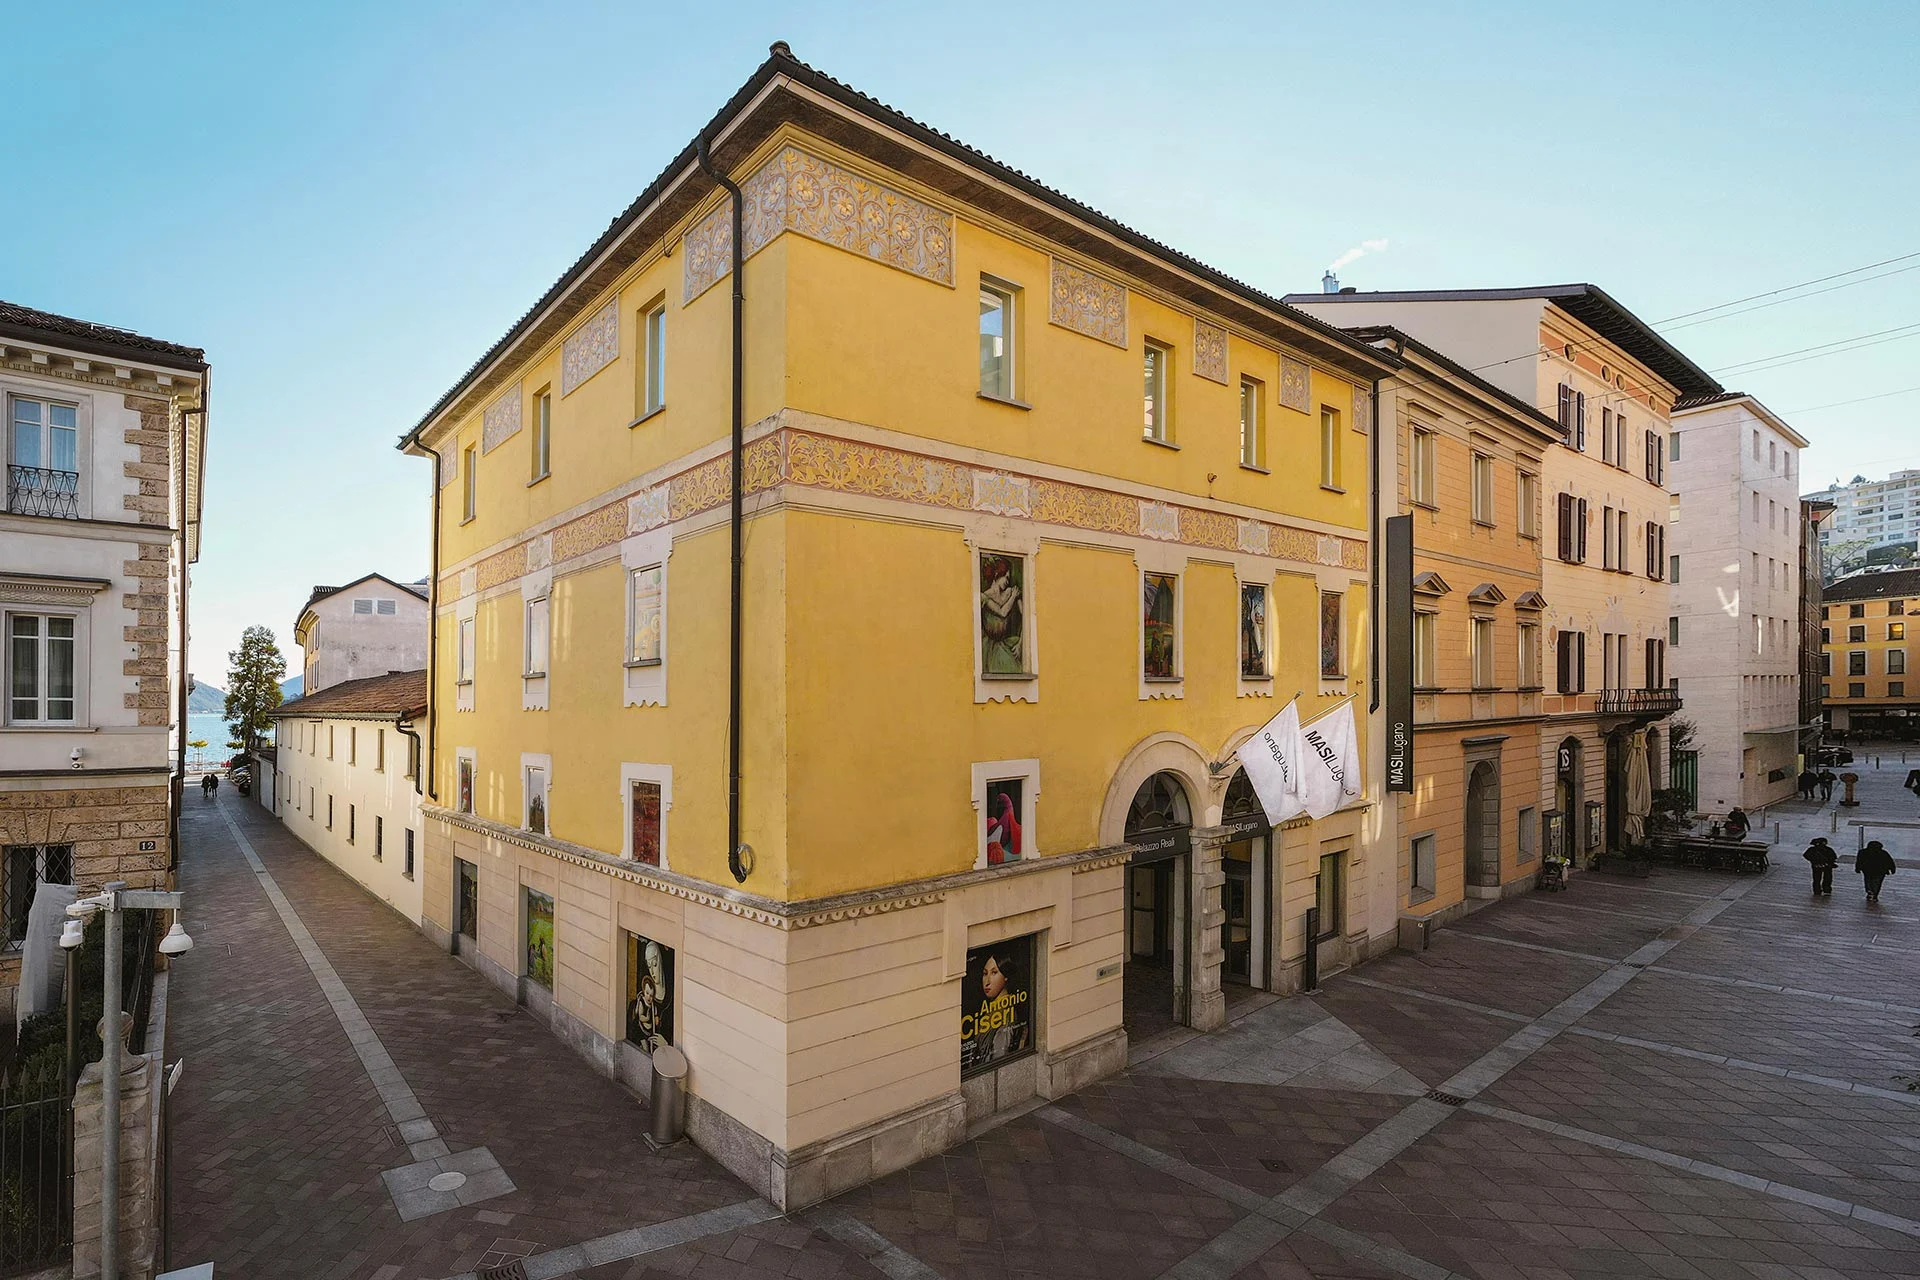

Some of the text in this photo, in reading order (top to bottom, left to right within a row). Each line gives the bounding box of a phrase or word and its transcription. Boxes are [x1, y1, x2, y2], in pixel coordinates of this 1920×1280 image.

[1305, 730, 1356, 796] MASILug
[1390, 722, 1408, 785] MASILugano
[141, 841, 154, 850] 12
[1135, 836, 1175, 854] Palazzo Reali
[980, 989, 1028, 1016] Antonio
[961, 1006, 1015, 1040] Ciseri
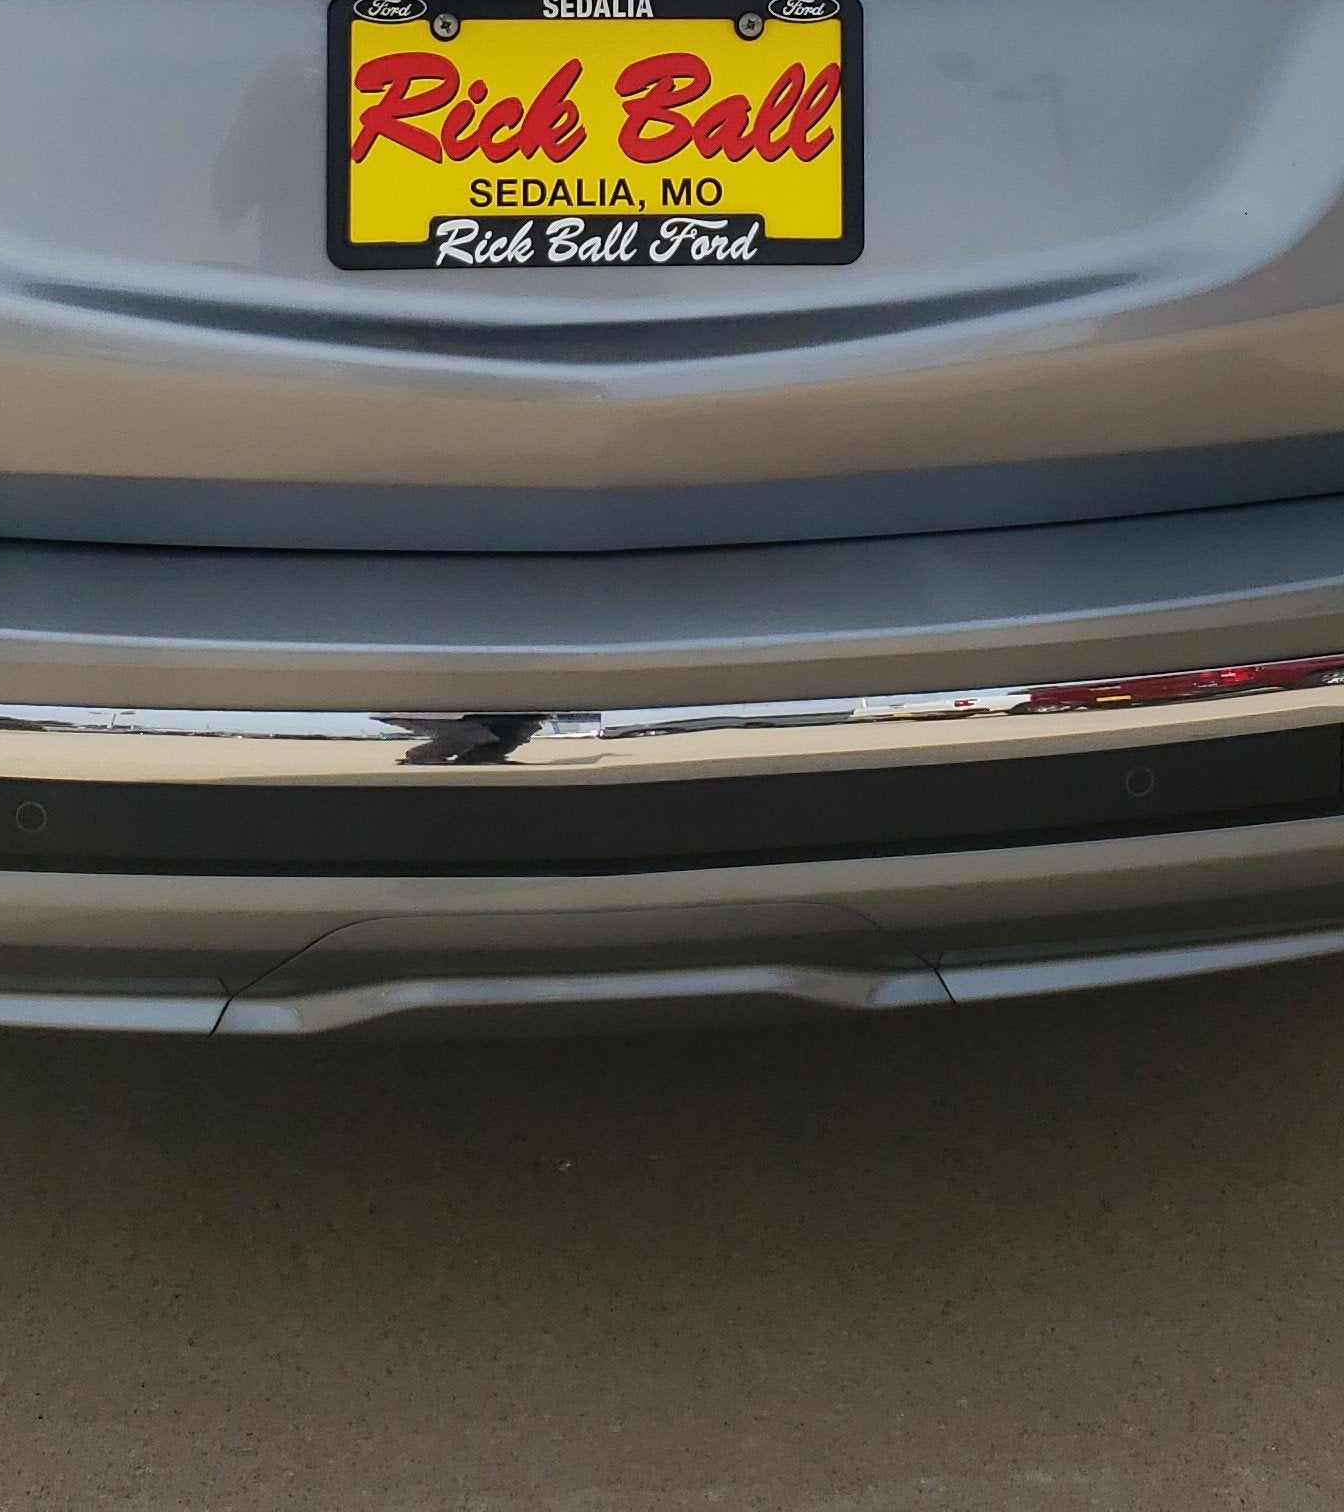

◆ Problem to work on
Restate the records above verbatim. Pictures stay out.

◆ Solution for this exercise
Some of the text in this photo, in reading order (top to bottom, left to right within a row). Each line gives the bounding box of a phrase or word and its transcription. Boxes are [x1, y1, x2, y2], in pixel coordinates of this 1920×1280 image.

[1305, 730, 1356, 796] MASILug
[1390, 722, 1408, 785] MASILugano
[141, 841, 154, 850] 12
[1135, 836, 1175, 854] Palazzo Reali
[980, 989, 1028, 1016] Antonio
[961, 1006, 1015, 1040] Ciseri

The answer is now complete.